It is important not to confuse RDA with linked data. They are separate and do not need one another. There are many sites that are fully compatible with linked data right now that have nothing to do with RDA–and never will. RDA can also exist without linked data, quite easily.
The idea of linked data is *not* to copy all information into a single “mother of all databases,” then put it on the web in some linked-data-friendly format such as BIBFRAME, and then expect everyone to use what you have made. Rather, the idea of linked data is to put the information you have on the web in specific ways so that others can leverage the information you have, taking what they want and ignoring other parts, and in this way make it easier for everybody. In return, you can then use information on other sites for your own purposes. As I have pointed out earlier: the purpose of linked data is *not* to make your data obsolete! It is to enhance everyone’s data.
Sites that utilize linked data can make use of information in Wikipedia or Google Maps and do not have to copy anything from Wikipedia or Google Maps. Linked data sites just add the link(s) to the relevant information they want, and then the machines work their magic. Therefore, in a correctly built system, if information is in Wikipedia/dbpedia/Wikidata conglomeration, it is available to you just as easily as if it was in your own database. This saves everyone from copying everything over and over and over …, which has always been a huge waste of resources and effort. (Or at least it has been portrayed that way)
As an example, I just found this site: http://www.pw.org/literary_magazines, which contains a database of literary magazines.
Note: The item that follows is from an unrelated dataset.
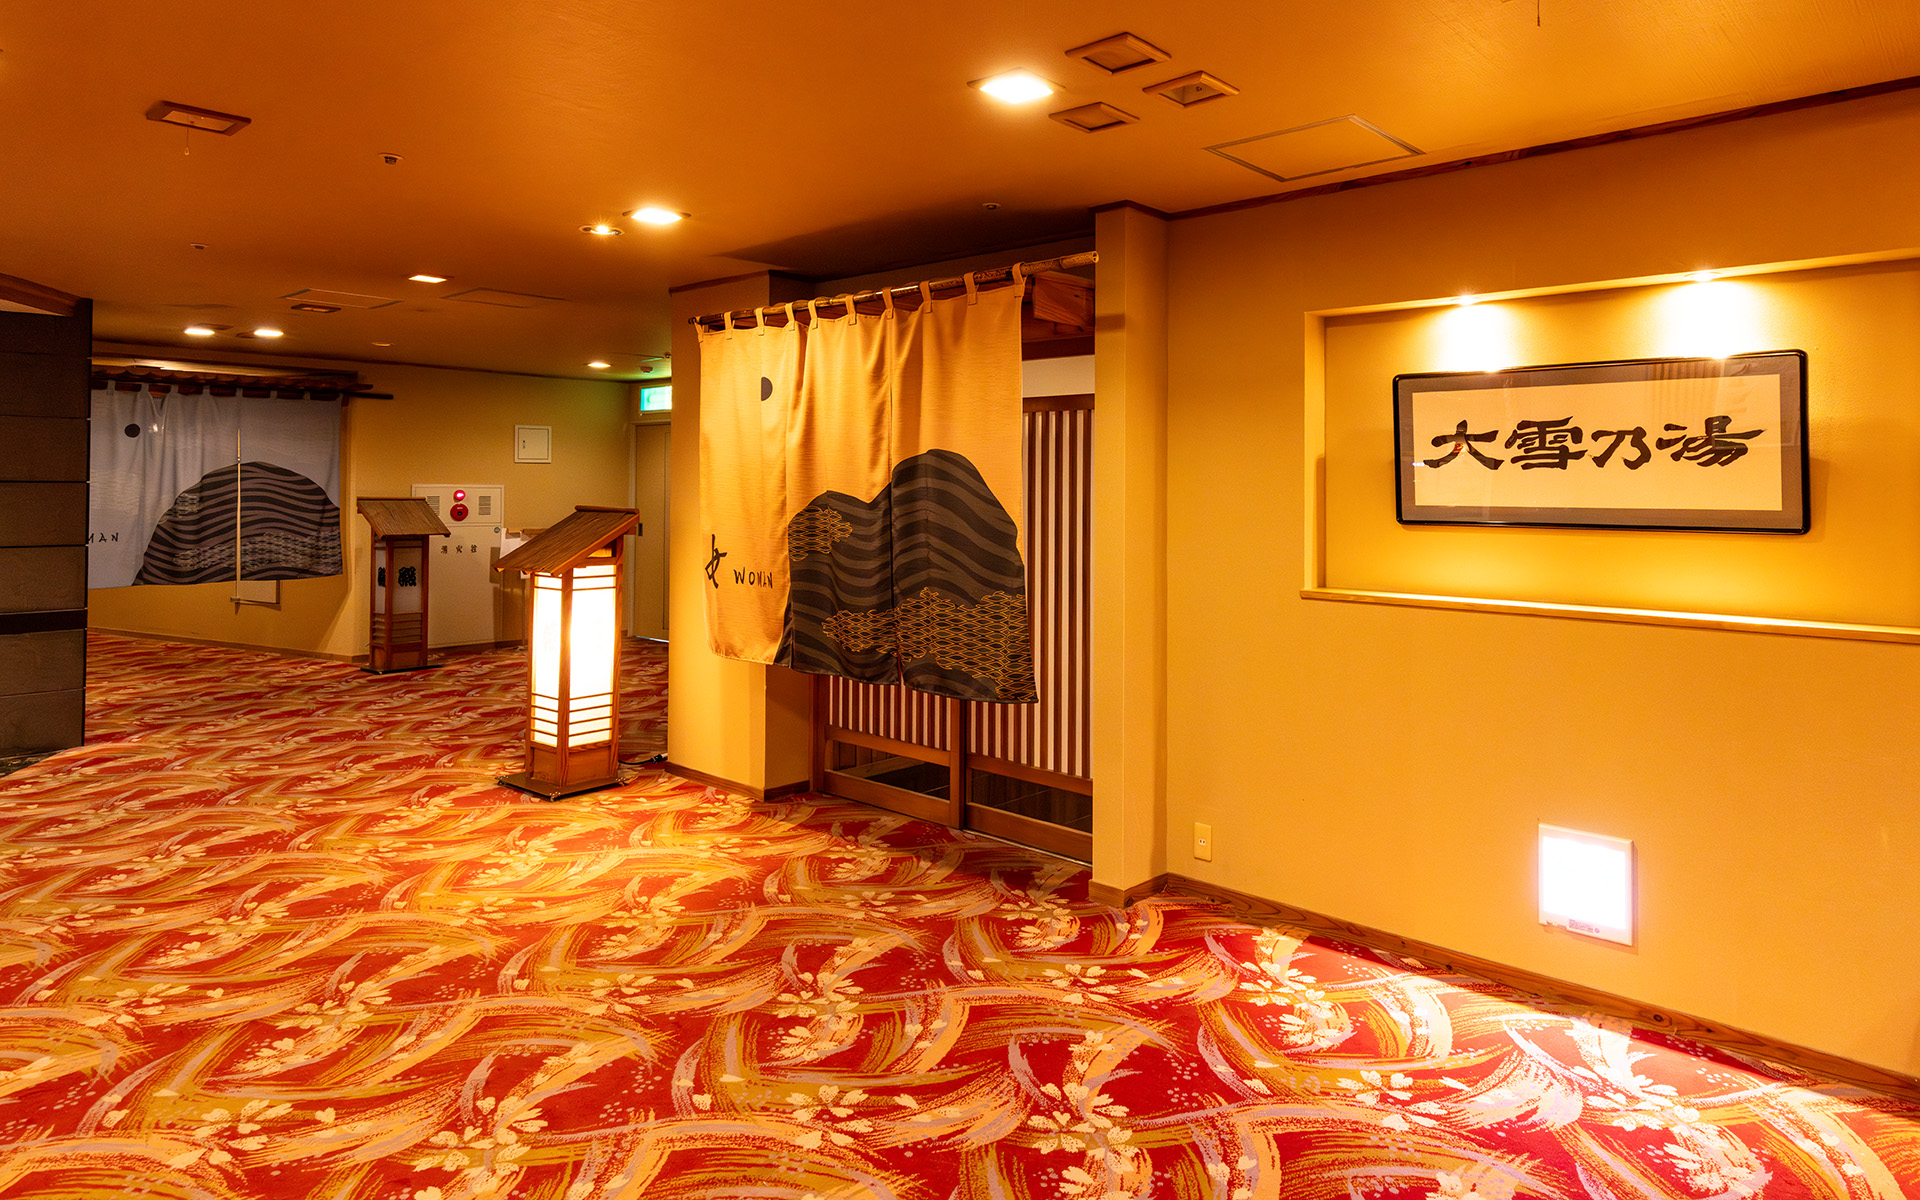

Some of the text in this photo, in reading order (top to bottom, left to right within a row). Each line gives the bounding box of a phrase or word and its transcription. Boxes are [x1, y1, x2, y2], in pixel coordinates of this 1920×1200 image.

[1423, 415, 1767, 470] 大雪乃湯
[705, 534, 727, 589] 女
[733, 567, 773, 589] WOMAN
Even though this site has been made for writers, it looks to me as if there is some nice genre information in there, as well as other information that could appeal to the public. *If* this database would be made available in specific formats in specific ways (and if may be already), this information could be made available to the public using library tools, and to do it, catalogers would not have to copy any information at all, only the links. And if it turned out that the links could be automatically generated, e.g. by using ISSNs, there would be no need for catalogers to do anything at all.
One of the conundrums for catalogers is this: linked data is not their job. Building it is a job for programmers. Certainly, catalogers can be involved to help the programmers figure out which information should be equivalent to names, to titles, to subjects, and so on but this is only if programmers want the help. Often they prefer to do it entirely on their own.
So, when discussing linked data, instead of manually adding birth and death dates, affiliation, gender, etc. because RDA says to do so, we should be asking whether this information exists anywhere else on the web and if so, what it would take to make it usable through linked data.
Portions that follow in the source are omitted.